[Images for object localization]
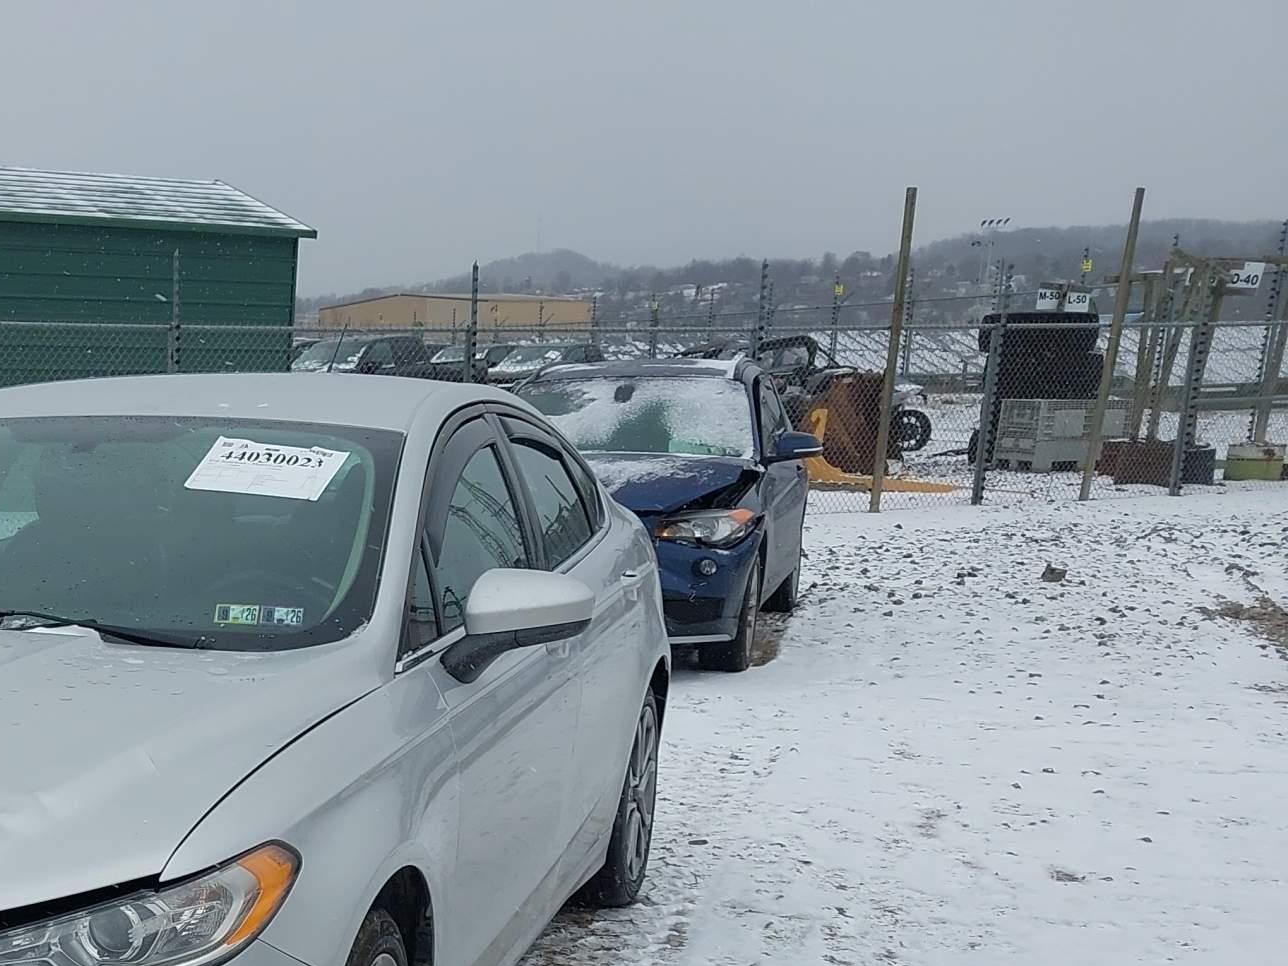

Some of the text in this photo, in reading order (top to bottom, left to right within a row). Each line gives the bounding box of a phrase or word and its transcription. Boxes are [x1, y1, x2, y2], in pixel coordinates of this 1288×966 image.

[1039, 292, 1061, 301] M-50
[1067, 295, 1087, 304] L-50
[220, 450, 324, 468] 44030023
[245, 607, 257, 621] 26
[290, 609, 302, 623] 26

PROBLEM DESCRIPTION - Repeat the entries exactly, pictures left out.

SOLUTION BELOW -
Some of the text in this photo, in reading order (top to bottom, left to right within a row). Each line gives the bounding box of a phrase or word and its transcription. Boxes are [x1, y1, x2, y2], in pixel coordinates of this 1288×966 image.

[1039, 292, 1061, 301] M-50
[1067, 295, 1087, 304] L-50
[220, 450, 324, 468] 44030023
[245, 607, 257, 621] 26
[290, 609, 302, 623] 26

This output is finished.